→ **Instructions for the task**: Every record below is to be copied exactly, with its images omitted.

→ **Material to process**:
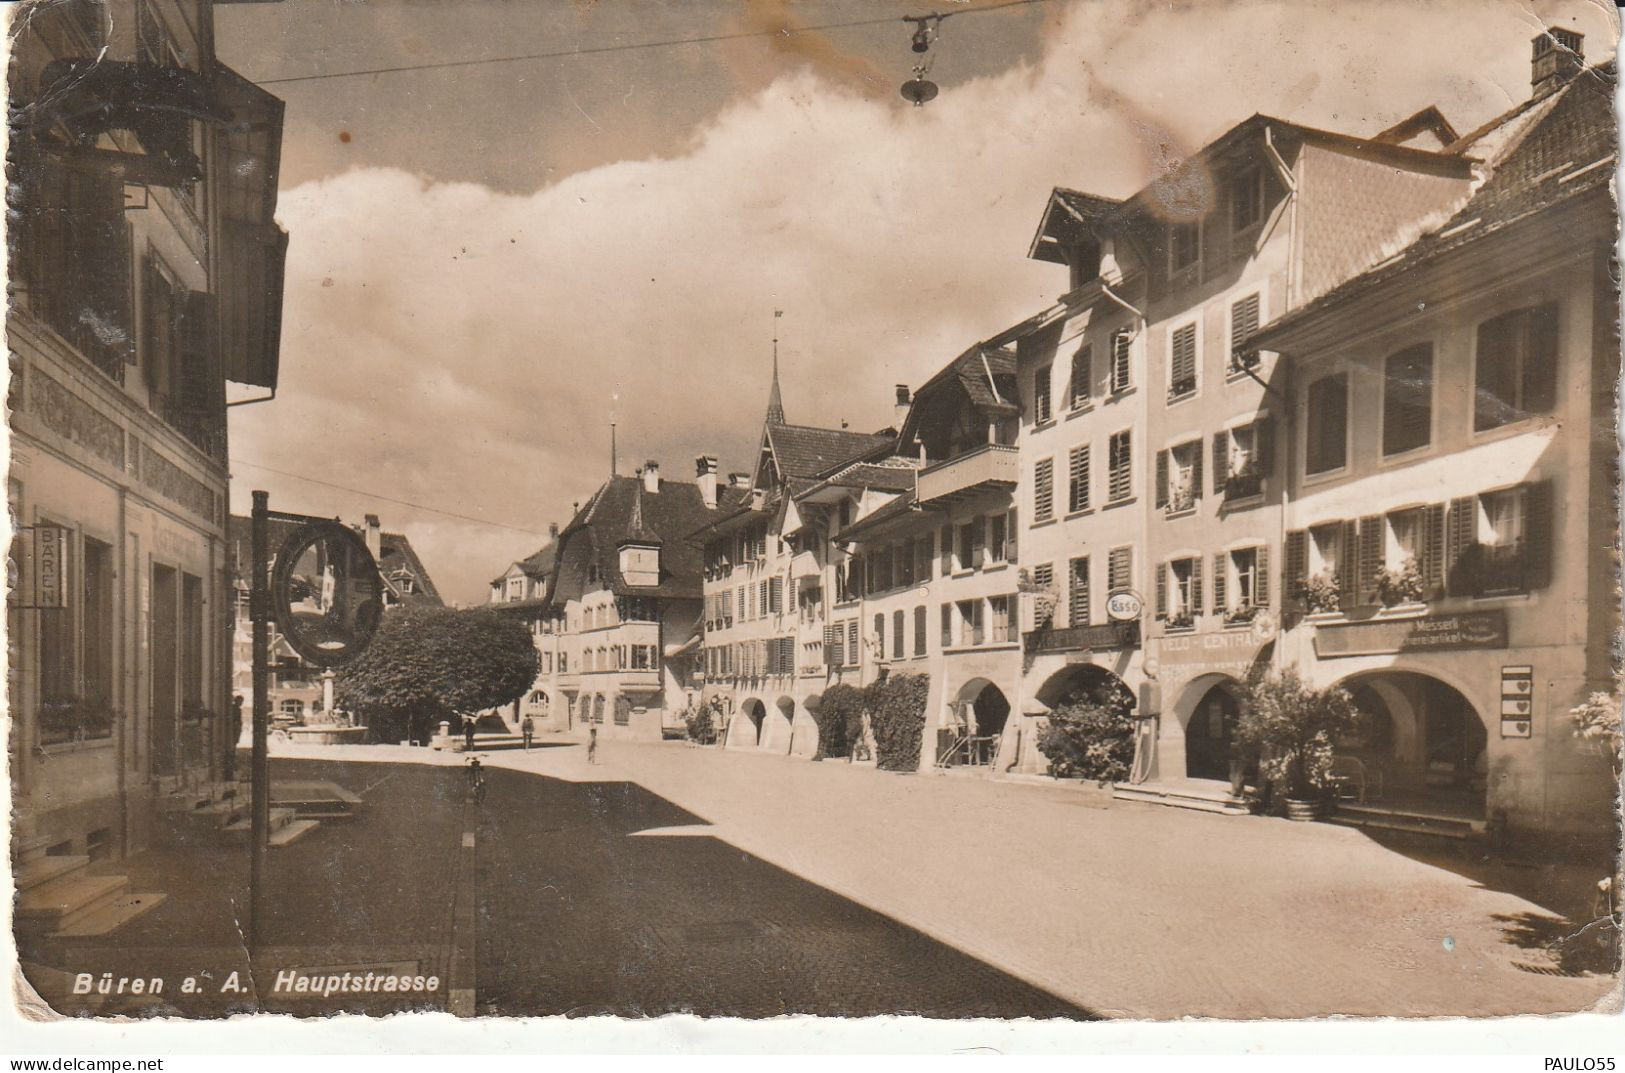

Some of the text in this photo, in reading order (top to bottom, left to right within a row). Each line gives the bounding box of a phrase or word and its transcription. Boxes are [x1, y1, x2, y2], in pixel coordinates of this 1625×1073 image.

[42, 530, 54, 603] BÄREN
[1112, 600, 1139, 612] Esso
[1160, 637, 1190, 651] VELO
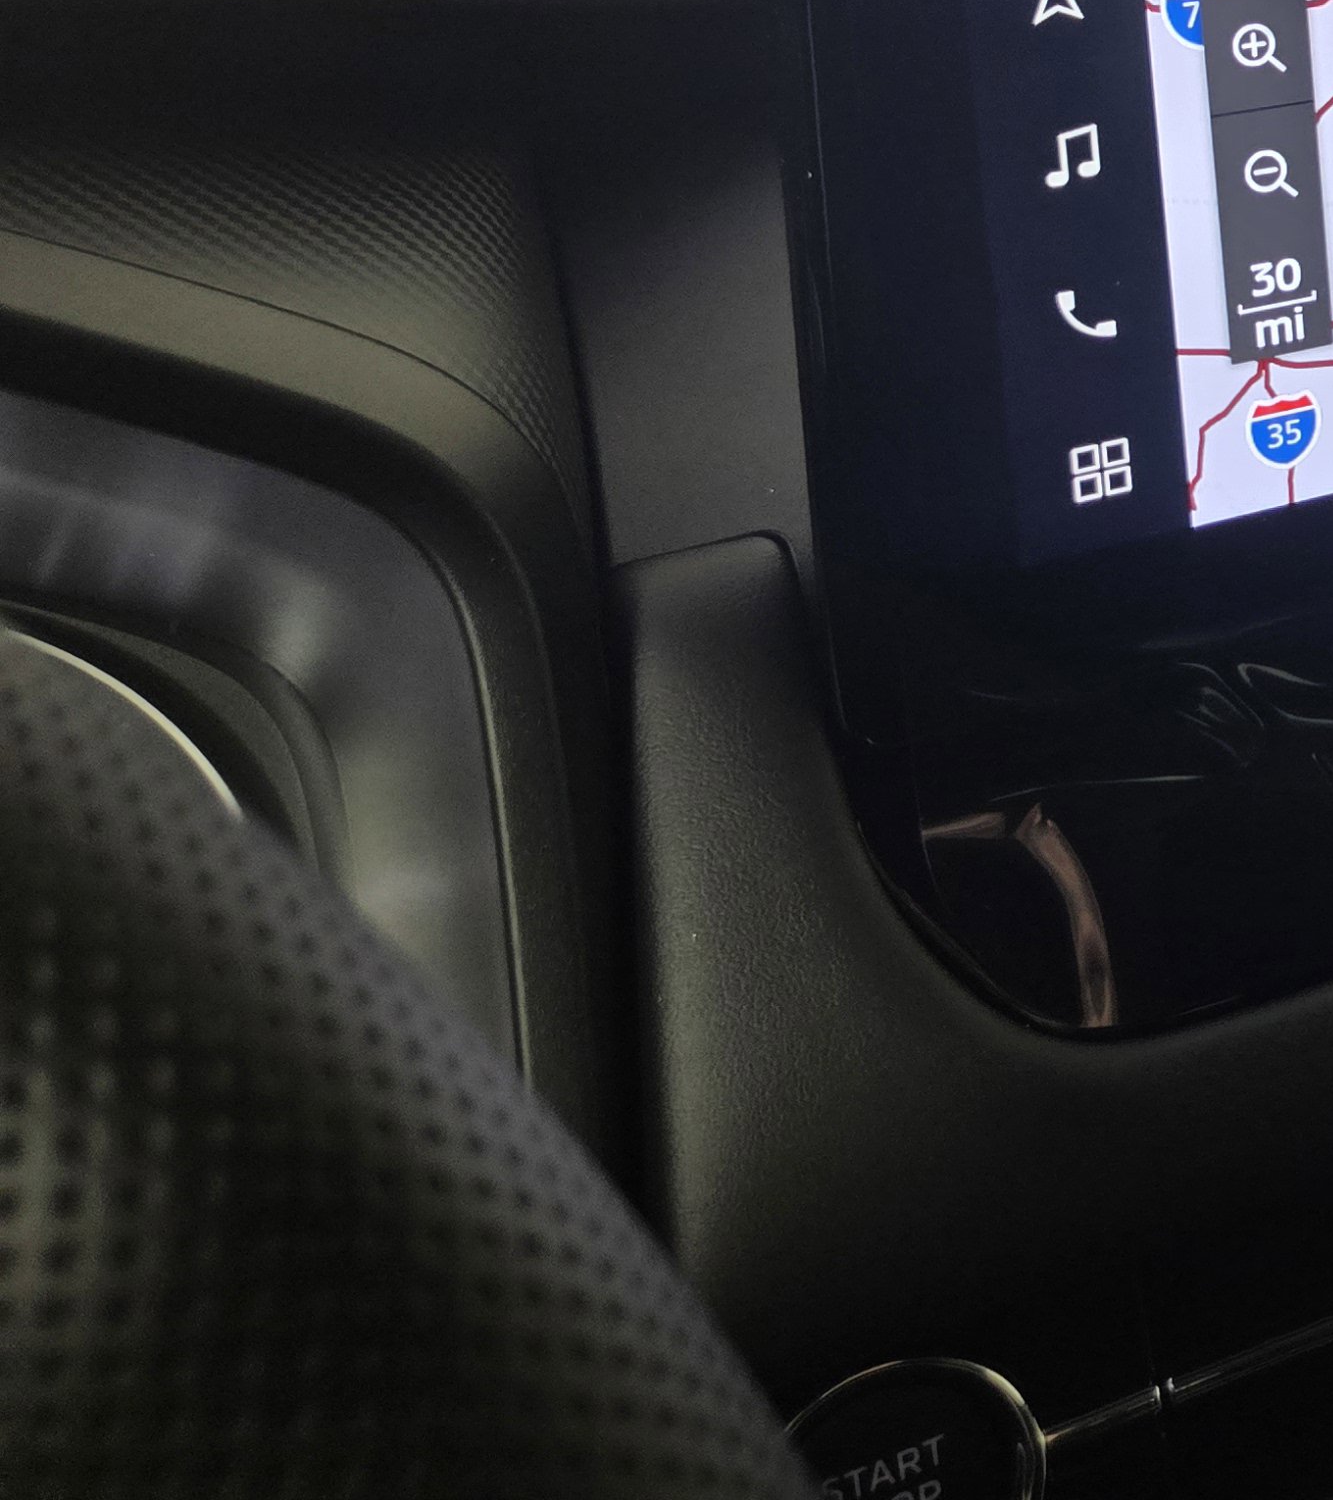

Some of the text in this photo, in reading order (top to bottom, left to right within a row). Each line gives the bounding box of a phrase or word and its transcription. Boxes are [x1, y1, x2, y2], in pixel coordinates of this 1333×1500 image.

[1251, 257, 1302, 298] 30
[1256, 308, 1305, 348] mi
[1267, 420, 1302, 448] 35
[822, 1433, 945, 1500] START

→ **Worked solution**:
Some of the text in this photo, in reading order (top to bottom, left to right within a row). Each line gives the bounding box of a phrase or word and its transcription. Boxes are [x1, y1, x2, y2], in pixel coordinates of this 1625×1073 image.

[42, 530, 54, 603] BÄREN
[1112, 600, 1139, 612] Esso
[1160, 637, 1190, 651] VELO

Some of the text in this photo, in reading order (top to bottom, left to right within a row). Each line gives the bounding box of a phrase or word and its transcription. Boxes are [x1, y1, x2, y2], in pixel coordinates of this 1333×1500 image.

[1251, 257, 1302, 298] 30
[1256, 308, 1305, 348] mi
[1267, 420, 1302, 448] 35
[822, 1433, 945, 1500] START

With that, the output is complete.